■ Work task ■
Please reproduce all the records exactly while leaving out their pictures.
══ Given entries ══
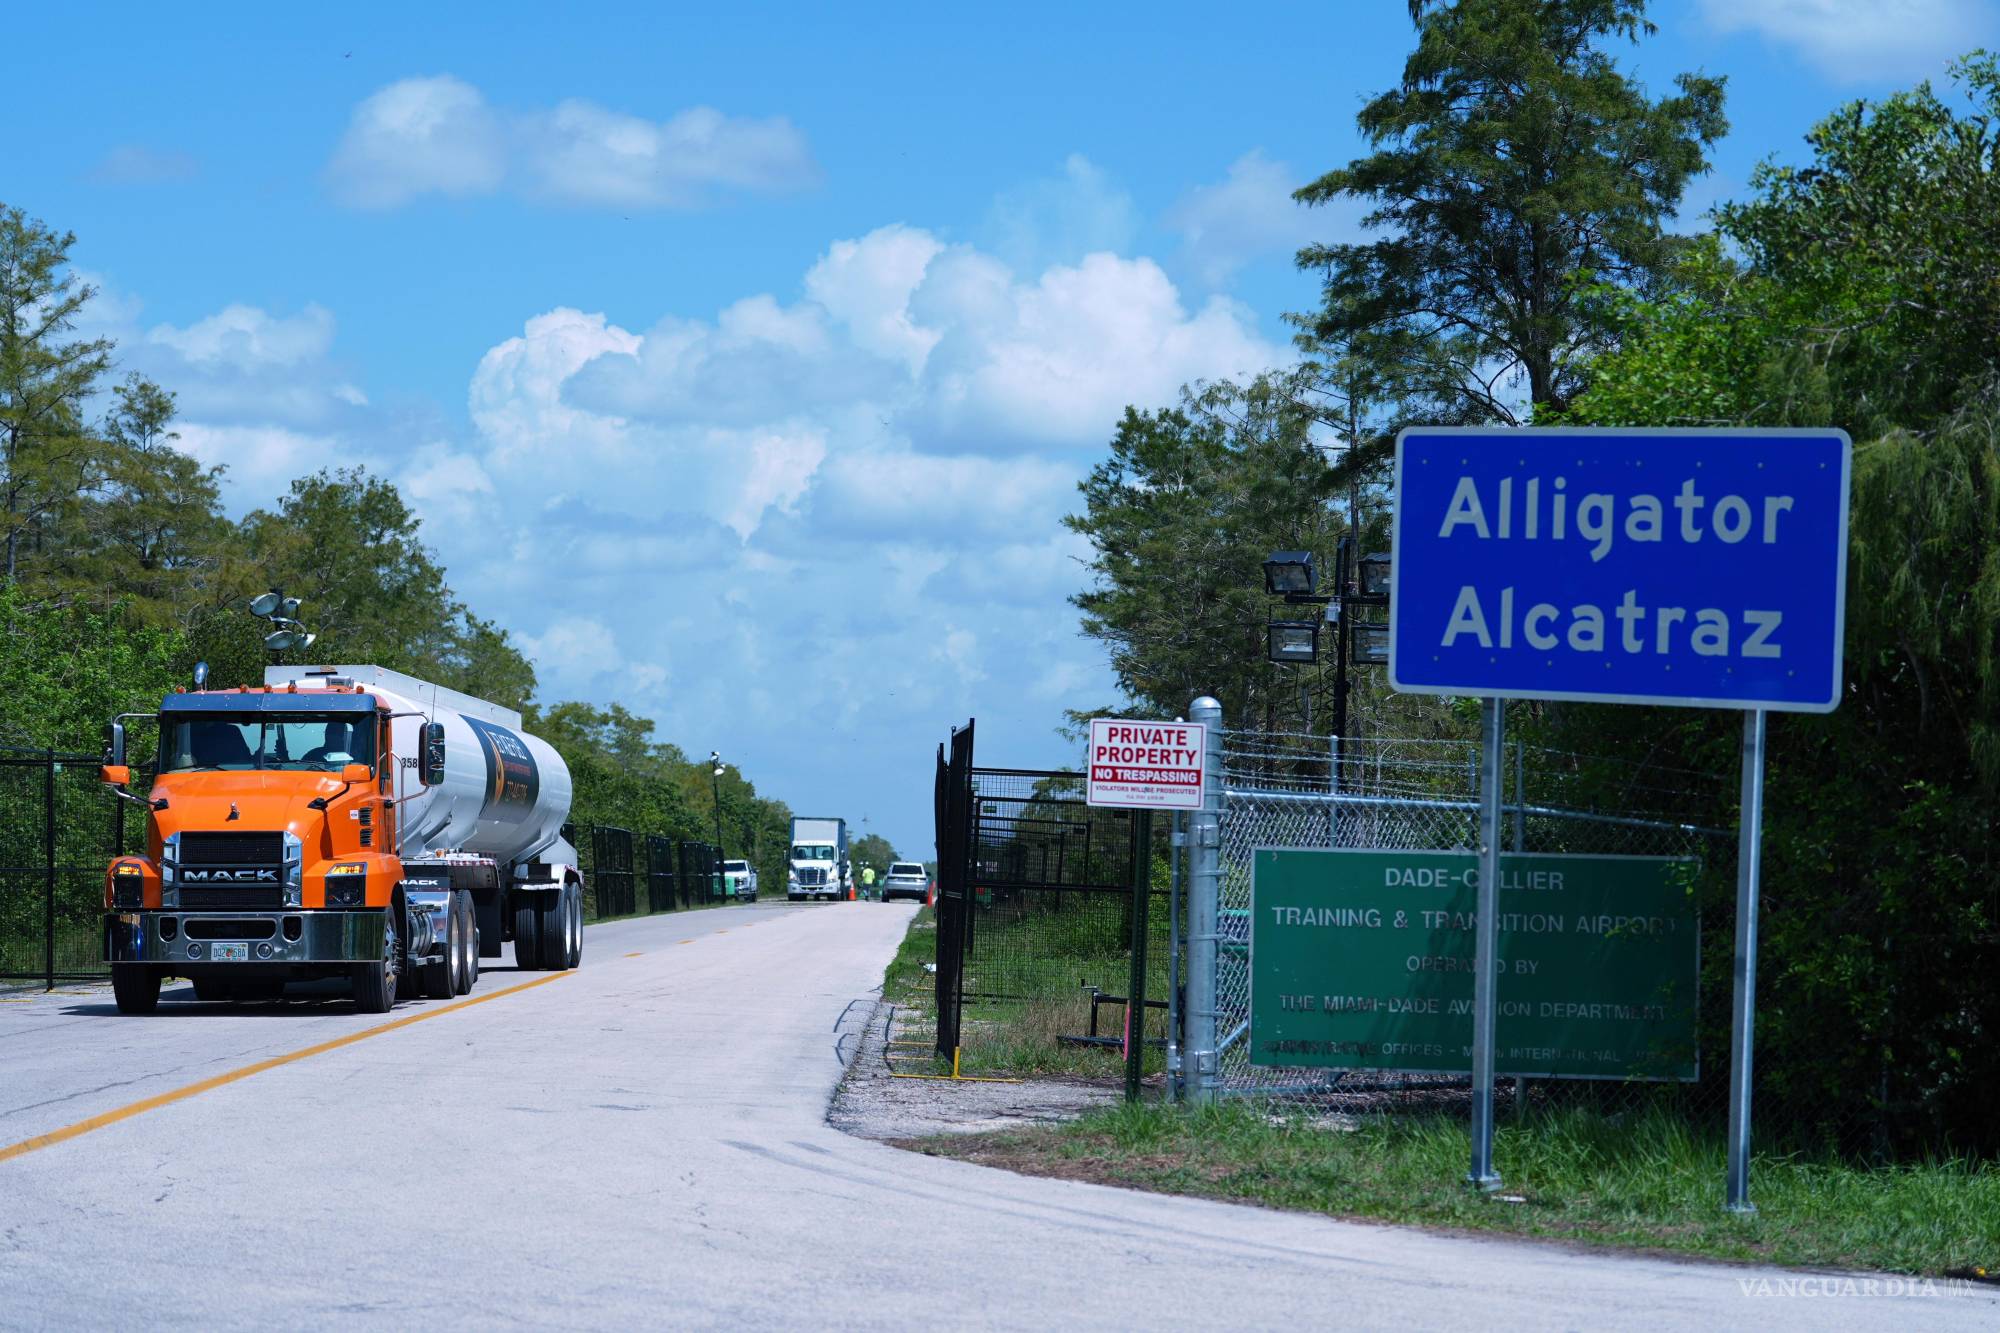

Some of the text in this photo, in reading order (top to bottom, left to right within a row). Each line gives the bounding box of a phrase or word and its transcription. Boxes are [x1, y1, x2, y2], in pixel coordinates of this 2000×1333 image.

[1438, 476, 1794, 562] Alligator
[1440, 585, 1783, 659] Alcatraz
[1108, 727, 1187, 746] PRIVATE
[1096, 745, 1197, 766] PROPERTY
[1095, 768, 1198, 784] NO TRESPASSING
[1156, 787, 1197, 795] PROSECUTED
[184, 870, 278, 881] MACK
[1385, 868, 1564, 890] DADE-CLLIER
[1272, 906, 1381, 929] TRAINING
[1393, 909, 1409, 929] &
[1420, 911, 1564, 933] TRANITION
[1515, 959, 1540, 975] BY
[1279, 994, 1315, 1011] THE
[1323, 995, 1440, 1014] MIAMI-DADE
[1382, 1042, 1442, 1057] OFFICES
═══
■ Exercise solution ■
Some of the text in this photo, in reading order (top to bottom, left to right within a row). Each line gives the bounding box of a phrase or word and its transcription. Boxes are [x1, y1, x2, y2], in pixel coordinates of this 2000×1333 image.

[1438, 476, 1794, 562] Alligator
[1440, 585, 1783, 659] Alcatraz
[1108, 727, 1187, 746] PRIVATE
[1096, 745, 1197, 766] PROPERTY
[1095, 768, 1198, 784] NO TRESPASSING
[1156, 787, 1197, 795] PROSECUTED
[184, 870, 278, 881] MACK
[1385, 868, 1564, 890] DADE-CLLIER
[1272, 906, 1381, 929] TRAINING
[1393, 909, 1409, 929] &
[1420, 911, 1564, 933] TRANITION
[1515, 959, 1540, 975] BY
[1279, 994, 1315, 1011] THE
[1323, 995, 1440, 1014] MIAMI-DADE
[1382, 1042, 1442, 1057] OFFICES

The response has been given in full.